GD: It was the beer, Herr Halifax.
RH: The beer? I ... don’t quite see—
GD: The one exception to Mad Gus’s insane selfishness and cruelty was the beer. Or so it seems, at first glance, ja?
RH: Ah. Right... First glance at ... what, exactly?
GD: Understand, Herr Halifax, the people of Durn were allowed one male goat or cow and one female. Any kids or calves produced were confiscated just as soon as they were weaned, and taken off to grace the royal table—as was any milk not used for making cheese. Mad Gus’s subjects were encouraged to make all the cheese they wished, but not allowed to eat a bite of it. Off to the castle with that too, straight from the molds. Folk kept just half a bushel of whatever produce they might eke out of the rocky soil. All the rest was seized as “tax” upon harvest and sent up to the tyrant’s bulging granaries and cellars against some rainy day. His rainy day, of course, not theirs. But! Strangely enough, folk were allowed to keep all the hops and grain that they might wish—just as long as it was brewed straight into beer. You would expect that once the work of brewing had been done, all that beer would vanish up into the castle with the rest, ja? But to everyone’s carefully suppressed astonishment, no! Mad Gus allowed the folk of Durn to keep their beer as well. As much as they could make and store and drink.
RH: Why?
GD: Mad Gus claimed to hate the stuff. With a passion—as one might expect of such a tyrant, ja? What other kind of man could hate such divine elixir? One might even surmise that this deviant abhorrence was the very cause of his degraded character. But the truth is otherwise, I think. Mad Gus was likely not so mad as that.
RH: But still ... why then? It makes no sense.
GD: Does it not?
RH: Why are you smiling that way?
GD: All in good time, young man. First, you must know something about how beer came to be, for, as I said, it came to be right there in Durn.
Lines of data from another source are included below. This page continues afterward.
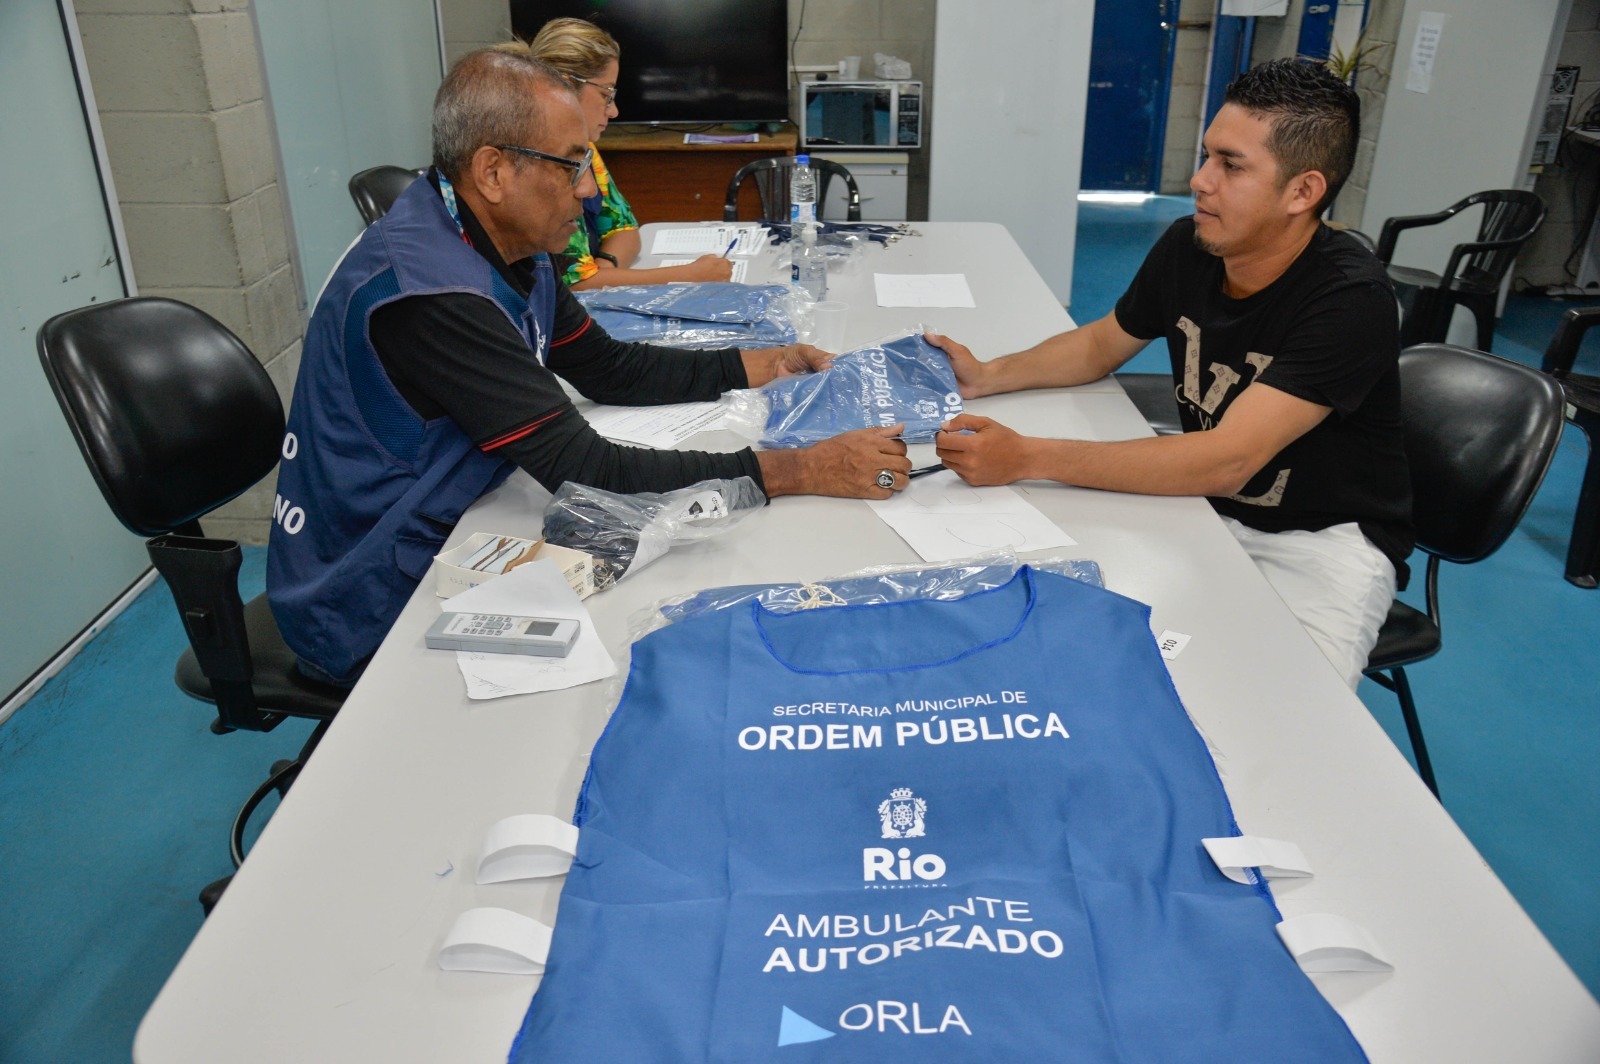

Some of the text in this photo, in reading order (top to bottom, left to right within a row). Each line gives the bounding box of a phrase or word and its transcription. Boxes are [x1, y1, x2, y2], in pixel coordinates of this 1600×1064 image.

[773, 690, 1028, 717] SECRETARIA MUNICIPAL DE
[737, 712, 1070, 751] ORDEM PÚBLICA
[863, 847, 946, 881] Rio
[764, 896, 1034, 939] AMBULANTE
[762, 925, 1064, 973] AUTORIZADO
[838, 1000, 972, 1036] ORLA
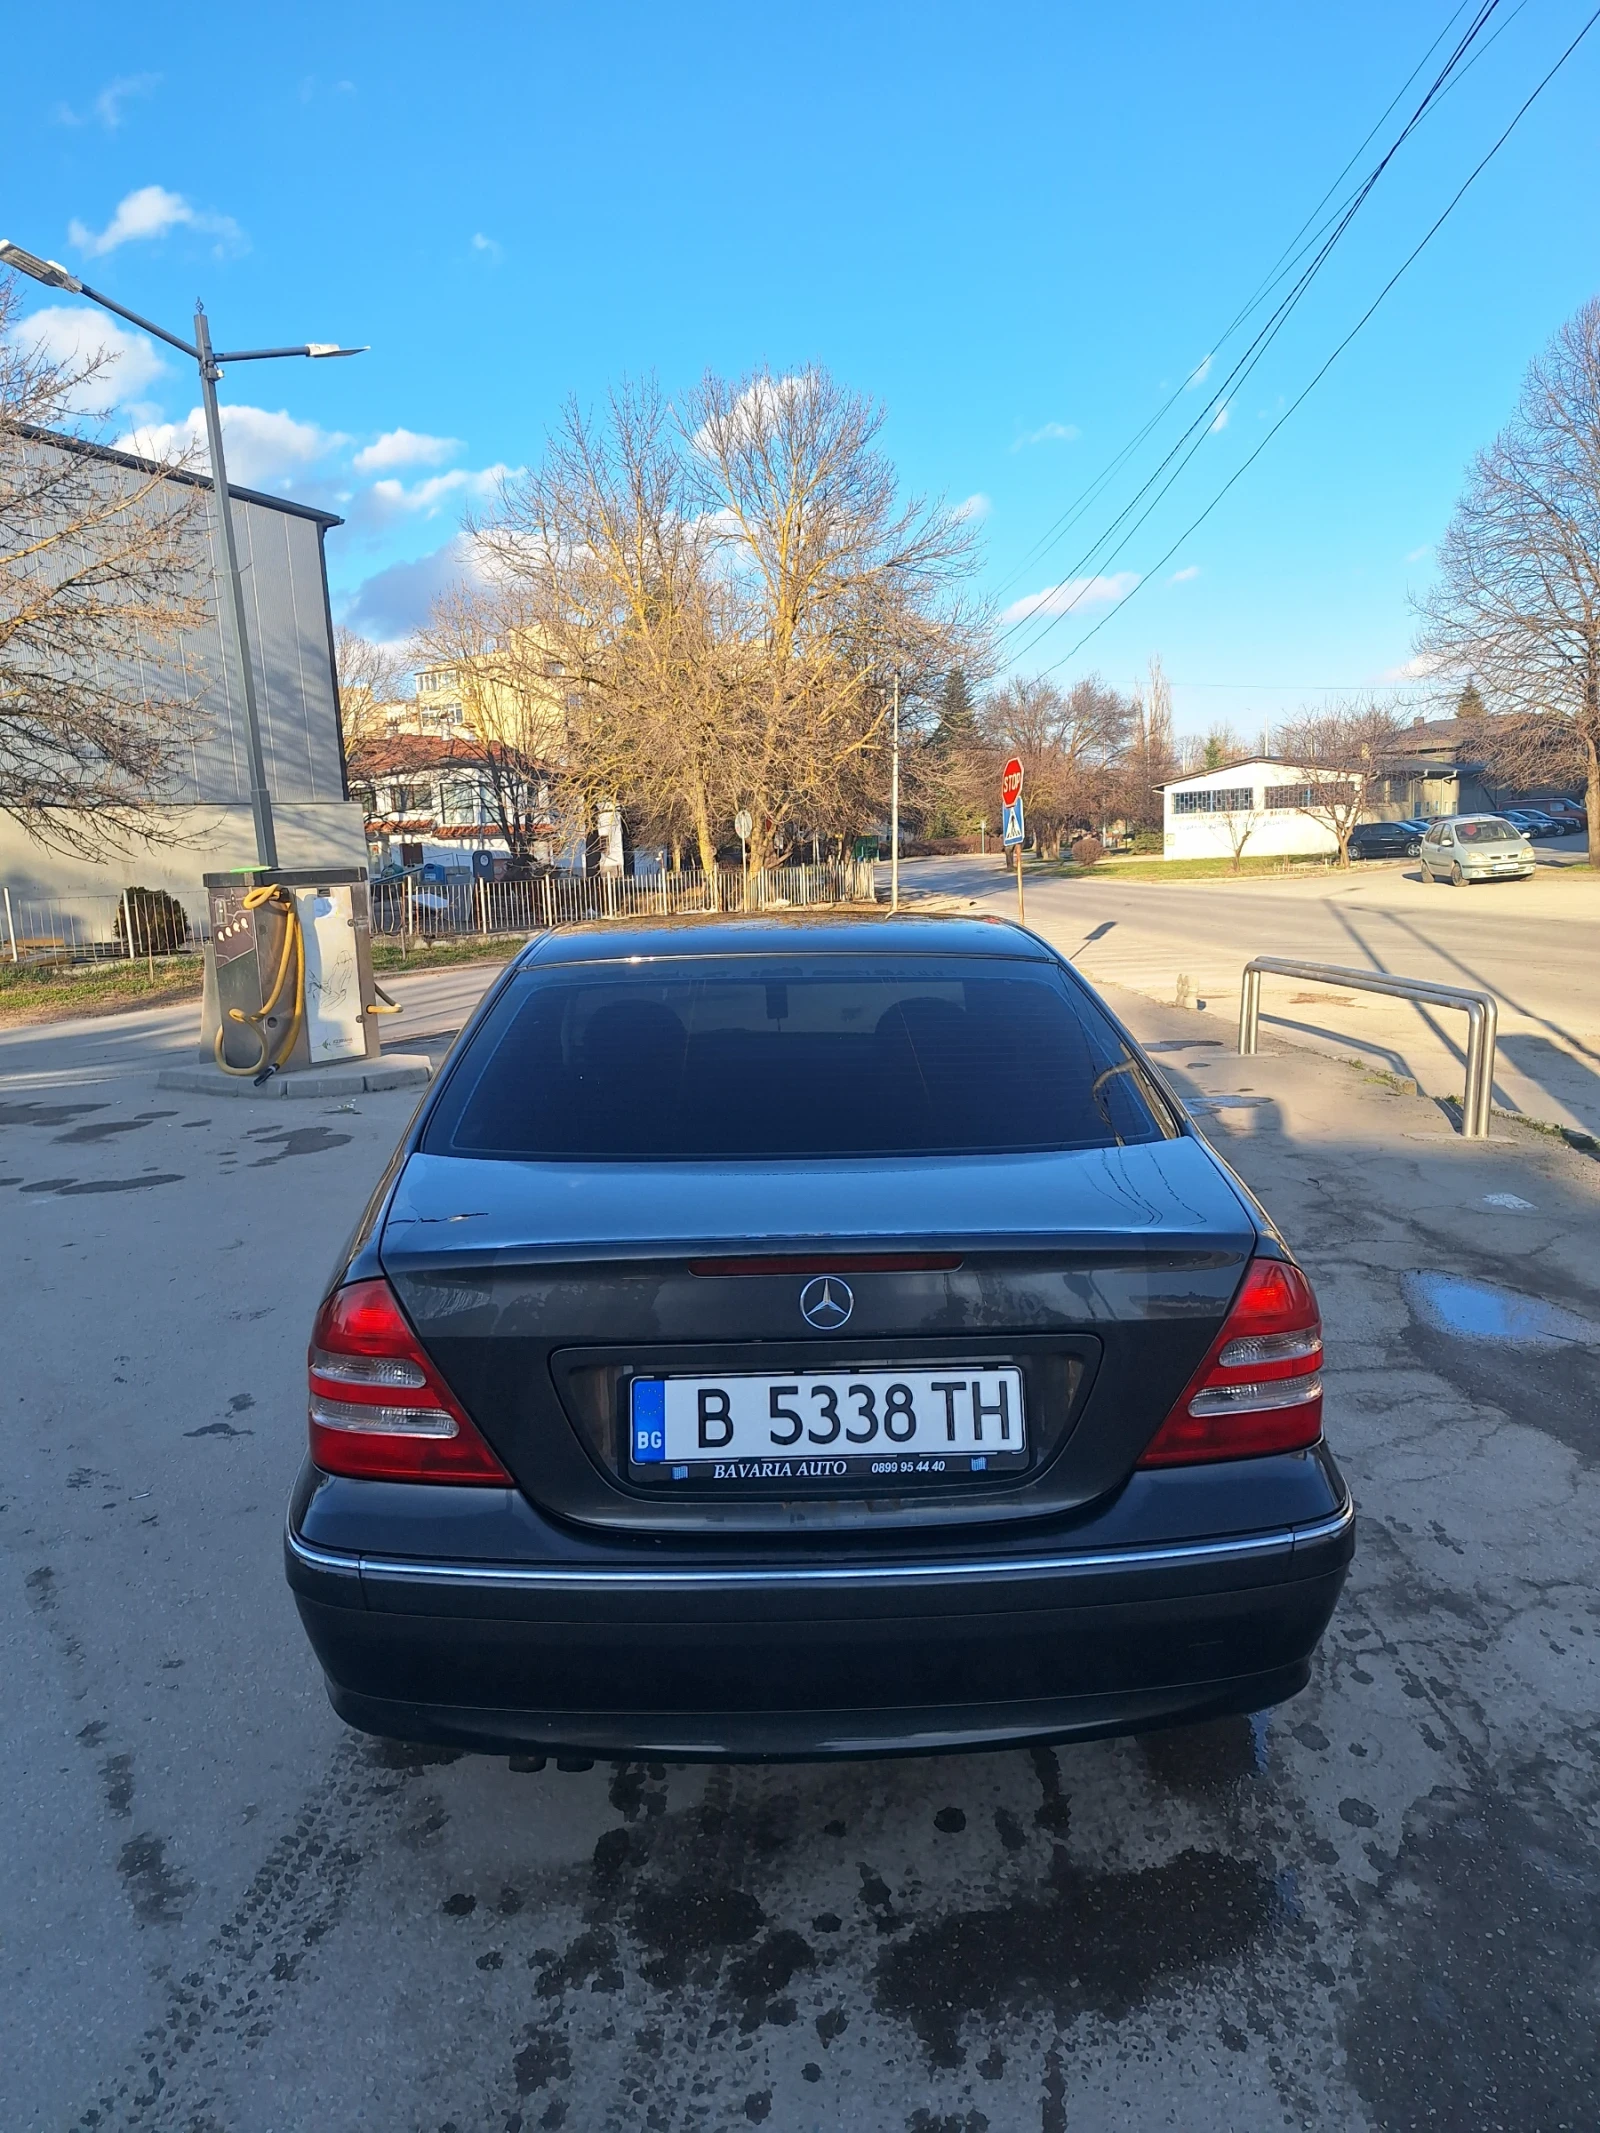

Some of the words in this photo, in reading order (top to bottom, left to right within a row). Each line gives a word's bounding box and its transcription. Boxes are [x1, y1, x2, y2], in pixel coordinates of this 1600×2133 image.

No one else had ever tried—or thought of trying—to make beer then.[19] Why would they have? Beer begins as pretty noxious stuff prior to the miracle of fermentation. Its first manufacture in Durn was just an accident—the result, in fact, of Mad Gus’s own relentless greed.
It is said that some poor farmer, whose name is sadly lost to us, had tried to cheat Mad Gus out of his excessive “tax” by hiding a few scant ingredients for bread and herbal soup within his little hovel, thinking that the tyrant’s henchmen would not notice such a small omission. But Mad Gus had trained his men quite ... passionately, let us say, and they were not deceived. So, when the poor man saw them ride into his yard, he poured all his illicit grain and herbs and yeast into the only hiding place at his disposal, an extremely large urn of water, unfortunately still half full, then jammed a rag into its mouth in hopes that his assailants would not look inside. They did, of course. That urn was likely the only object in the hovel worth examining. When they saw the soupy mess he’d made of his ill-gotten grain, they shoved the rag back into place and left the mess to rot. The man himself was left to rot as well, inside Mad Gus’s dungeon.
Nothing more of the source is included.